A Heart in Pain

Several trips to the pediatrician’s office have sent me spiraling.

So many bad memories in that office.

To make matters worse, I also have guilt.

In anger I’ve lashed out at some of the nurses. I’m sorry.”No! I said I’m not going to undress him.It’s cold in here and I already told you he hasn’t gained any weight!

I sit with Knox in the waiting room.

Other parents stare at him.

Big healthy babies are squirming in their mother’s laps.

Knox lays in my arms peacefully. He has infections in both ears but he doesn’t cry.

The nurse (one that doesn’t know us, thankfully)  takes us back. The doc comes in and I know what she’s thinking.

There’s nothing I can do for this baby, but I’ll take a look anyway.”

***

Some days it’s like metal wires are being twisted through my heart.  My son is slowly dying and my heart hurts with real physical pain.

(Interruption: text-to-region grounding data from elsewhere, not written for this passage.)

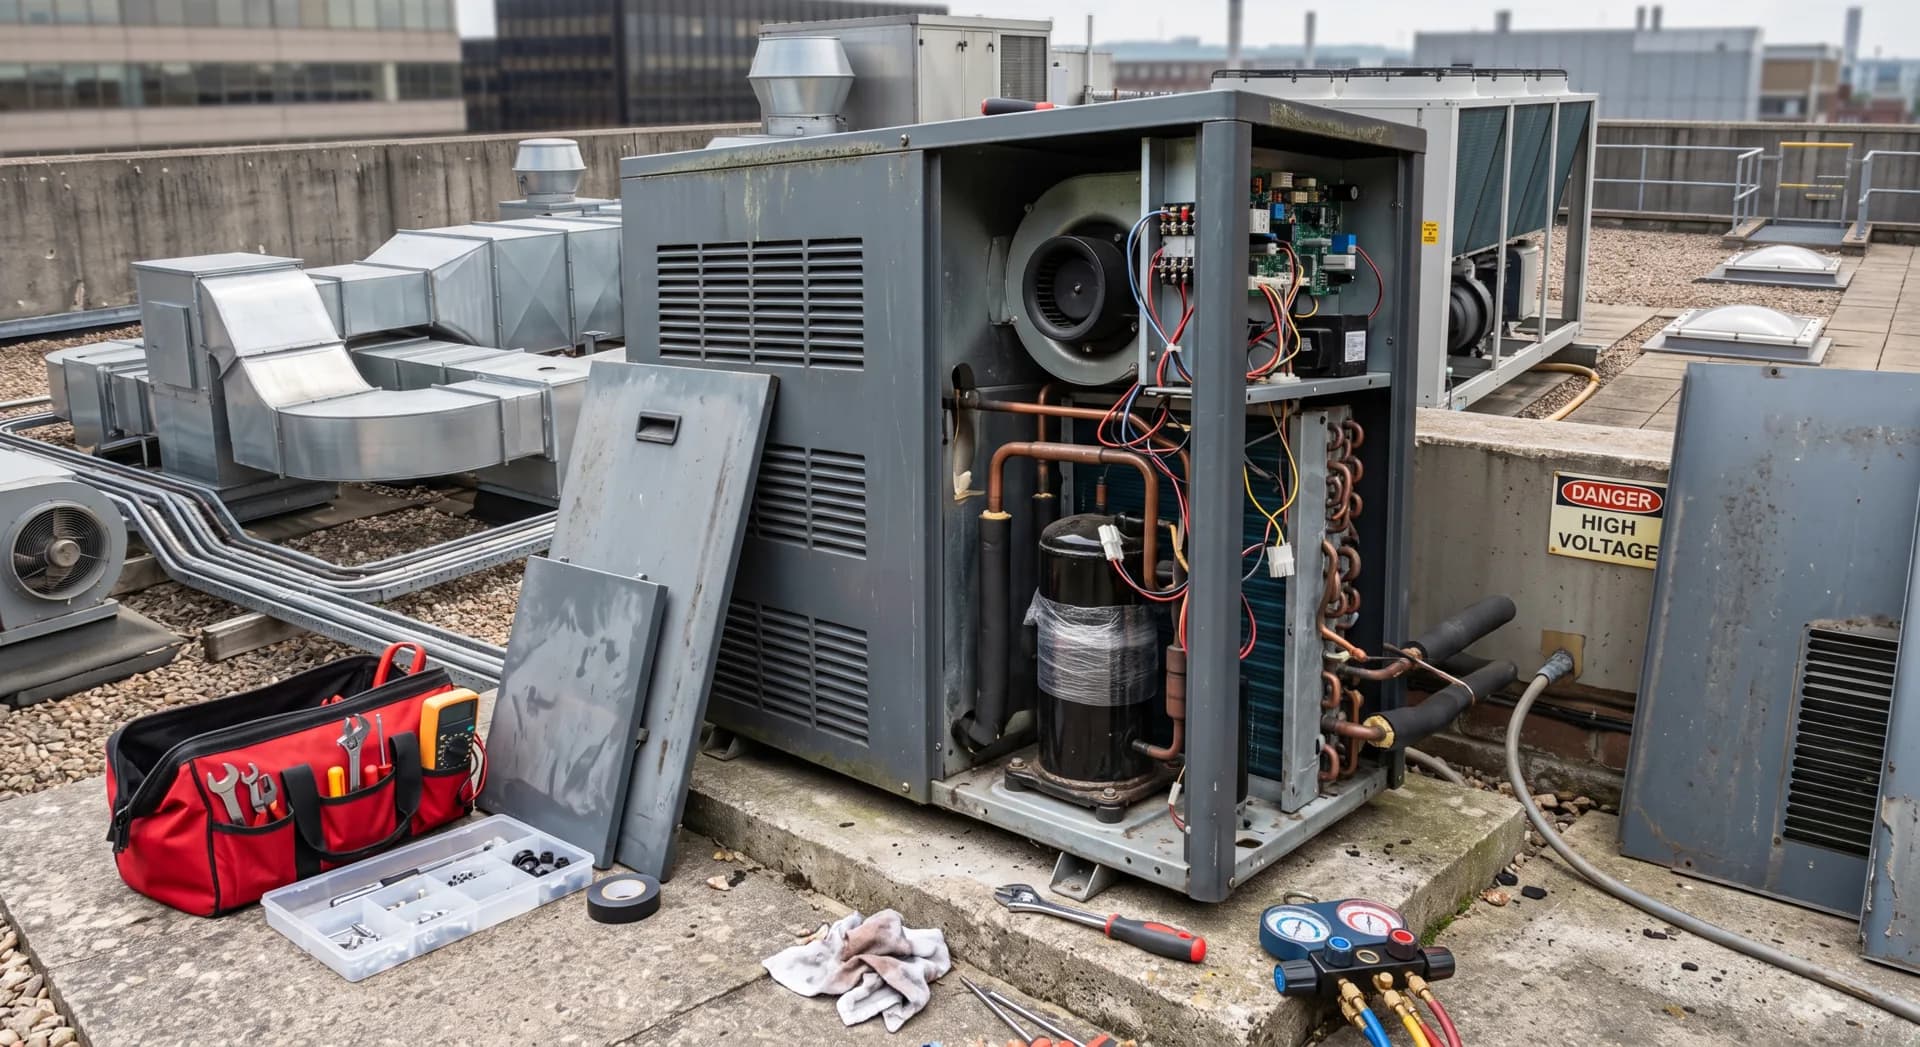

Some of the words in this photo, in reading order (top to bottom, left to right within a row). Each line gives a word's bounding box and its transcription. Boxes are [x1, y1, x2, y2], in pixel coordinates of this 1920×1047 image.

[1572, 485, 1652, 509] DANGER
[1582, 514, 1636, 536] HIGH
[1559, 532, 1658, 561] VOLTAGE
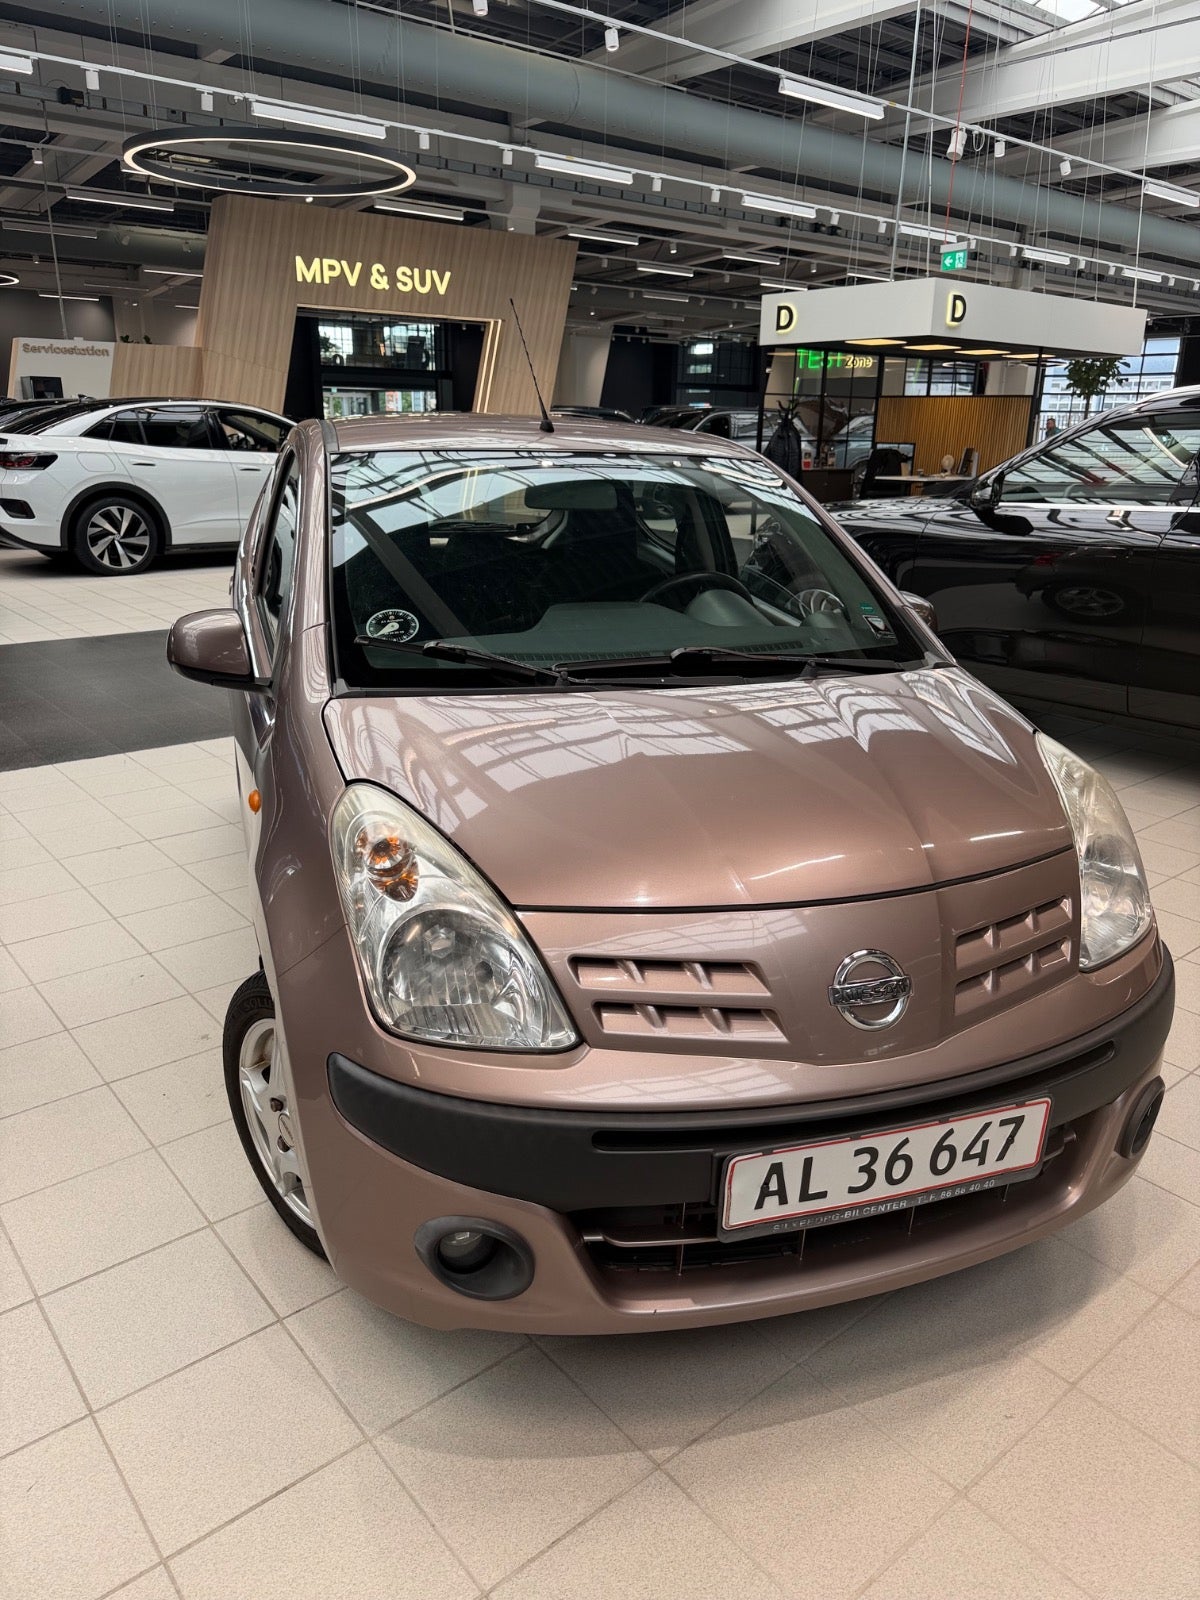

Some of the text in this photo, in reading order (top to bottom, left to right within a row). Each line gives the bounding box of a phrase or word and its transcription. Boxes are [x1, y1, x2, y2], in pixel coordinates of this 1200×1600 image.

[295, 255, 451, 295] MPV & SUV
[775, 304, 796, 332] D
[950, 293, 967, 323] D
[22, 343, 110, 357] Servicestation
[845, 354, 873, 369] Zone
[754, 1114, 1025, 1210] AL 36 647

As my tag line reads, “Art is Medicine”, so this is how I cope.

Hope to have a happier post up soon.

 

 

heart in pain text

29 Comments

  1. Dear Scarlet..!!
    My heart goes out to you and I prayed that our DEAR LORD JESUS WOULD TOUCH YOUR DEAR CHILD WITH HIS HEALING TOUCH AND COMFORT YOU AND YOUR DEAR FAMILY..much Love and Prayers and Blessings..Stormy Redman

  2. My heart goes out to you and your family. It may not be much of a help just now but I’m sure there are a thousand arms reaching out to hold you up during this difficult time; even the arms of those who, like me, don’t know you. I hope the thought is of some help or at least some consolation to you.

  3. That has got to be so painful and difficult to go through. You all have my prayers.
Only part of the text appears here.